▶ What to do
When you retype the data, keep every word exactly and include none of the pictures.

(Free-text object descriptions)

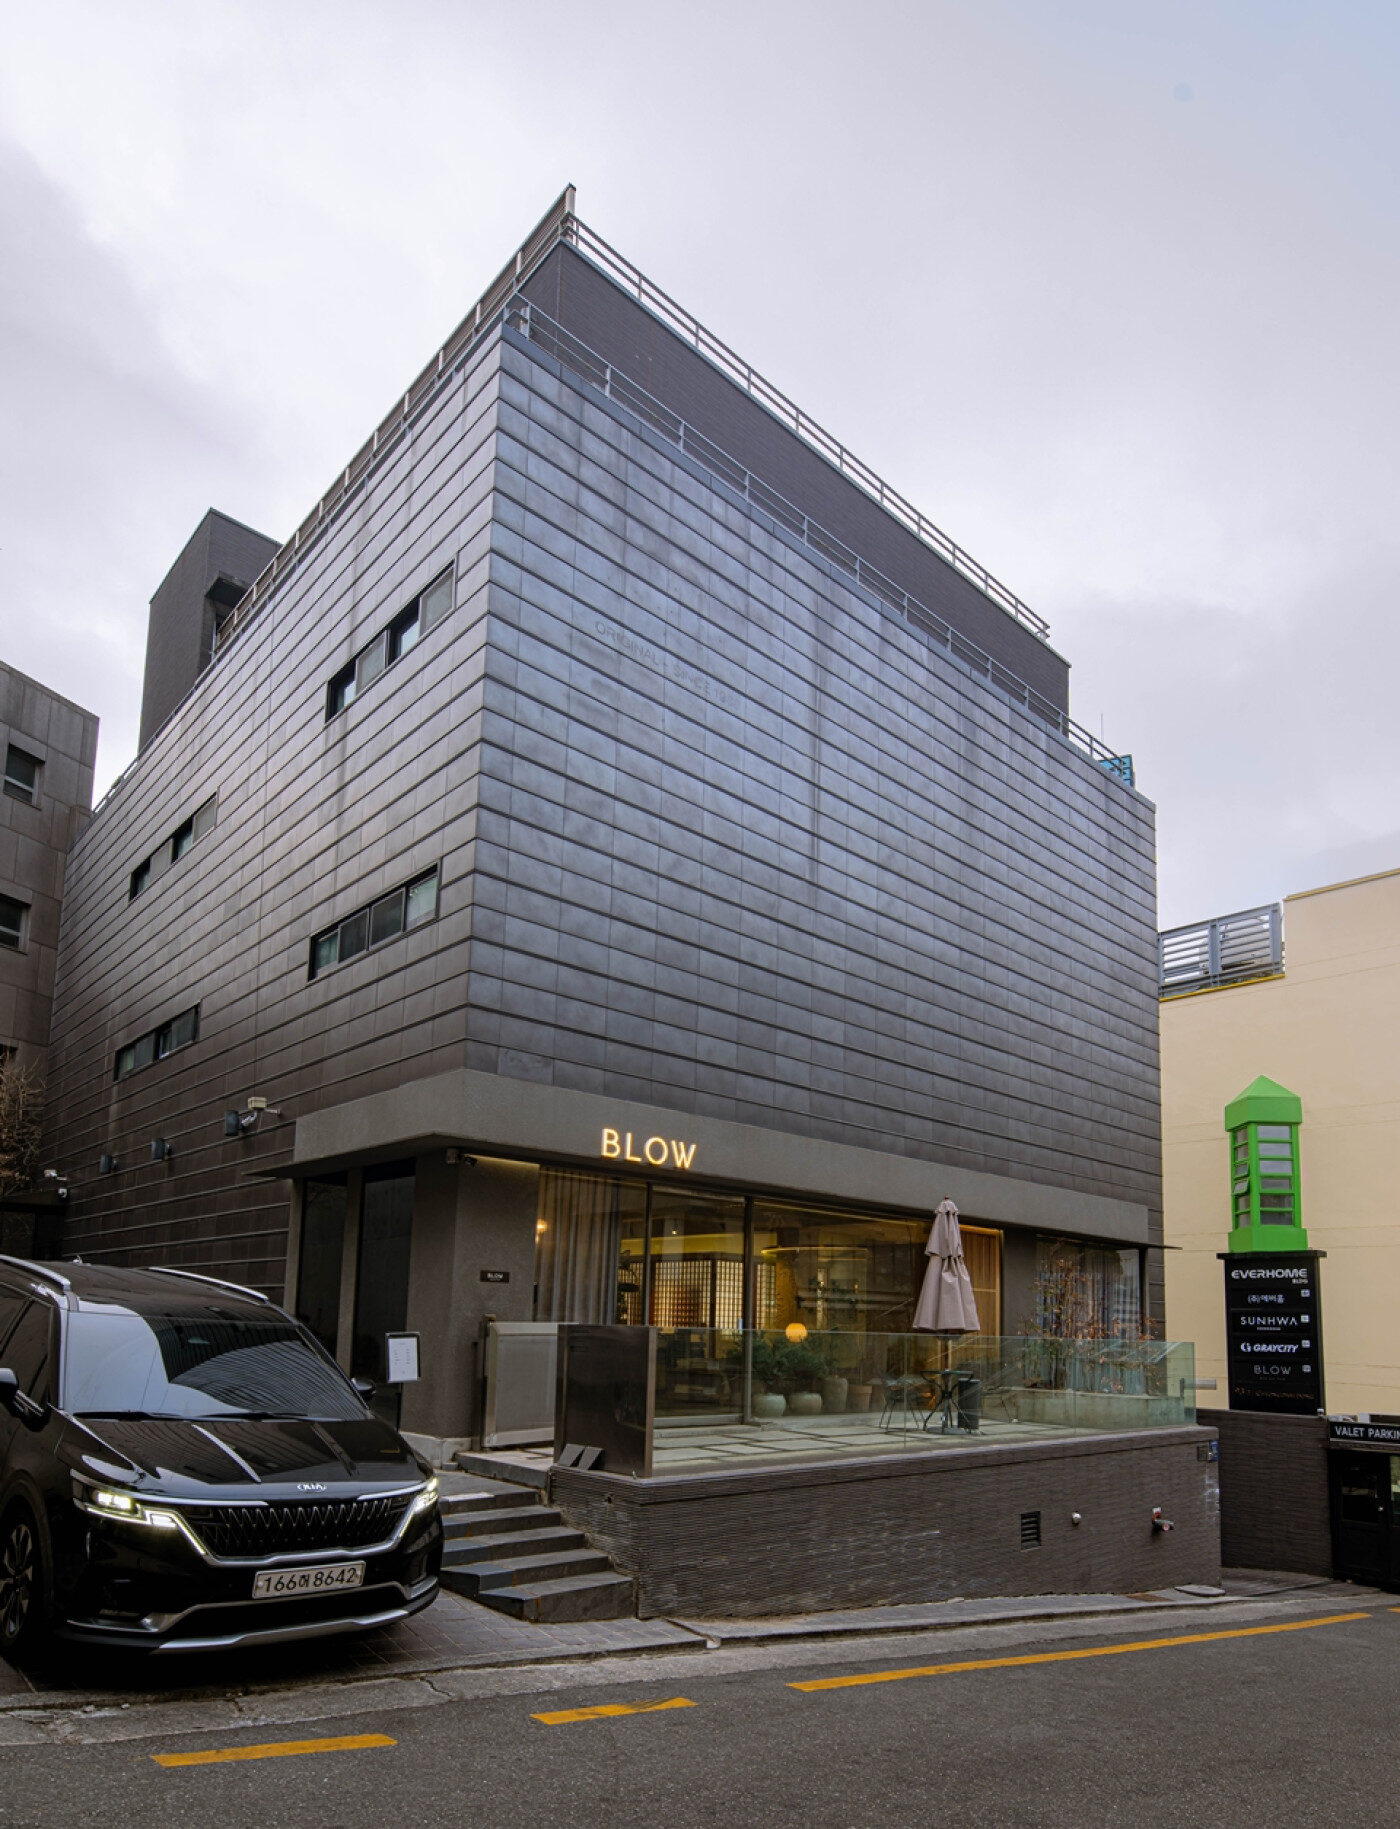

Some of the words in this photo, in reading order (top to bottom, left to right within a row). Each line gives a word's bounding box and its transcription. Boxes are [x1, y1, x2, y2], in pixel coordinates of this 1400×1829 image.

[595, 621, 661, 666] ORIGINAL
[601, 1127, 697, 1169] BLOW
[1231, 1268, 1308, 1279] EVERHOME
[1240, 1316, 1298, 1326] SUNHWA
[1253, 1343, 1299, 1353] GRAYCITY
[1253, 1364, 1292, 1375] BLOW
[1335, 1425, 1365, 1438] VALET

▶ Response area
Some of the words in this photo, in reading order (top to bottom, left to right within a row). Each line gives a word's bounding box and its transcription. Boxes are [x1, y1, x2, y2], in pixel coordinates of this 1400×1829 image.

[595, 621, 661, 666] ORIGINAL
[601, 1127, 697, 1169] BLOW
[1231, 1268, 1308, 1279] EVERHOME
[1240, 1316, 1298, 1326] SUNHWA
[1253, 1343, 1299, 1353] GRAYCITY
[1253, 1364, 1292, 1375] BLOW
[1335, 1425, 1365, 1438] VALET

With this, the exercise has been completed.